Work to be completed
In the records below, copy the line that contains "this 1568×2352 image." and each line after it, word for word, through the last.

Study material

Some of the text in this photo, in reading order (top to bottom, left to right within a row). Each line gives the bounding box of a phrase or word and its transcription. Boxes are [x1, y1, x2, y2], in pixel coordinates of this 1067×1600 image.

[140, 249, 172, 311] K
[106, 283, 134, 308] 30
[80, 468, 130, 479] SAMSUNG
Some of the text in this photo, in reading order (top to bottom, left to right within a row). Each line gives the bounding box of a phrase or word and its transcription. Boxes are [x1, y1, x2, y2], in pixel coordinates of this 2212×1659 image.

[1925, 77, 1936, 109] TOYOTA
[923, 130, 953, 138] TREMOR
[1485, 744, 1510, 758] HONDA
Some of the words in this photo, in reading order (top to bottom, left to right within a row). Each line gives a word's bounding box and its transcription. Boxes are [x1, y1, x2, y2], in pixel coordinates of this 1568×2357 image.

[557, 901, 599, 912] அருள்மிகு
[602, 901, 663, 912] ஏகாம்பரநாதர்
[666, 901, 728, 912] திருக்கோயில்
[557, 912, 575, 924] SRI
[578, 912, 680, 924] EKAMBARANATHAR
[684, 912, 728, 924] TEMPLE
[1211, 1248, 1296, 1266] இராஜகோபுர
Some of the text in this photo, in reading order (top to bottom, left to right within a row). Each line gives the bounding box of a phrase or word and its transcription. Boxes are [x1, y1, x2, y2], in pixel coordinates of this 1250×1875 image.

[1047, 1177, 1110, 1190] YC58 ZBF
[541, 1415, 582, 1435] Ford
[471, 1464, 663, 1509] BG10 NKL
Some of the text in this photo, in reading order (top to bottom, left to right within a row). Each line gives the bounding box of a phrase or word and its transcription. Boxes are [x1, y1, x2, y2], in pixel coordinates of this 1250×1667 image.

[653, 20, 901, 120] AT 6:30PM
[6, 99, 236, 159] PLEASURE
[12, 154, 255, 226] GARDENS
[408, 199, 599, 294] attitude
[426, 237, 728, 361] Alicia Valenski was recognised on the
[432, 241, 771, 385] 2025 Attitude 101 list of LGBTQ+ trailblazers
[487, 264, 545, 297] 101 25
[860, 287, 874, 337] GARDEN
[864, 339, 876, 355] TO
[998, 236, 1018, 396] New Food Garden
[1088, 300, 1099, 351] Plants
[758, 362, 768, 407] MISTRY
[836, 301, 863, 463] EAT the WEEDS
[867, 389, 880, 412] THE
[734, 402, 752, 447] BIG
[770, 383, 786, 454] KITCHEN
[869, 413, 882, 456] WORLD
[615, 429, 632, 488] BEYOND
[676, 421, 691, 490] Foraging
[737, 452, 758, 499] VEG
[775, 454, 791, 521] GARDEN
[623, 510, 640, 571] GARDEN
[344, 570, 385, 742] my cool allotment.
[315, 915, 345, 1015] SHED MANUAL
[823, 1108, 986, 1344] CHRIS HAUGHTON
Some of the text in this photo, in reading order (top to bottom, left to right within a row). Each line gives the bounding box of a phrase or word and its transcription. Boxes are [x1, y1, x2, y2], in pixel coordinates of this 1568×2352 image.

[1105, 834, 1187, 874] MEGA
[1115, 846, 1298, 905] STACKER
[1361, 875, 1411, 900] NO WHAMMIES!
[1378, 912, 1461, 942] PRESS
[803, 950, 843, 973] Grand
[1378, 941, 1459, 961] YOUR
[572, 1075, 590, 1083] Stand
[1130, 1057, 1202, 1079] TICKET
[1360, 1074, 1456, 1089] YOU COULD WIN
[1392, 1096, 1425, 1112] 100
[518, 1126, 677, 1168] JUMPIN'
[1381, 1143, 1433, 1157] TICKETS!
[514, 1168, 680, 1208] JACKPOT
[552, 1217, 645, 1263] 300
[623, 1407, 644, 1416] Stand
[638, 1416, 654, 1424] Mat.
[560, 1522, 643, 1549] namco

Response to the task
Some of the text in this photo, in reading order (top to bottom, left to right within a row). Each line gives the bounding box of a phrase or word and its transcription. Boxes are [x1, y1, x2, y2], in pixel coordinates of this 1568×2352 image.

[1105, 834, 1187, 874] MEGA
[1115, 846, 1298, 905] STACKER
[1361, 875, 1411, 900] NO WHAMMIES!
[1378, 912, 1461, 942] PRESS
[803, 950, 843, 973] Grand
[1378, 941, 1459, 961] YOUR
[572, 1075, 590, 1083] Stand
[1130, 1057, 1202, 1079] TICKET
[1360, 1074, 1456, 1089] YOU COULD WIN
[1392, 1096, 1425, 1112] 100
[518, 1126, 677, 1168] JUMPIN'
[1381, 1143, 1433, 1157] TICKETS!
[514, 1168, 680, 1208] JACKPOT
[552, 1217, 645, 1263] 300
[623, 1407, 644, 1416] Stand
[638, 1416, 654, 1424] Mat.
[560, 1522, 643, 1549] namco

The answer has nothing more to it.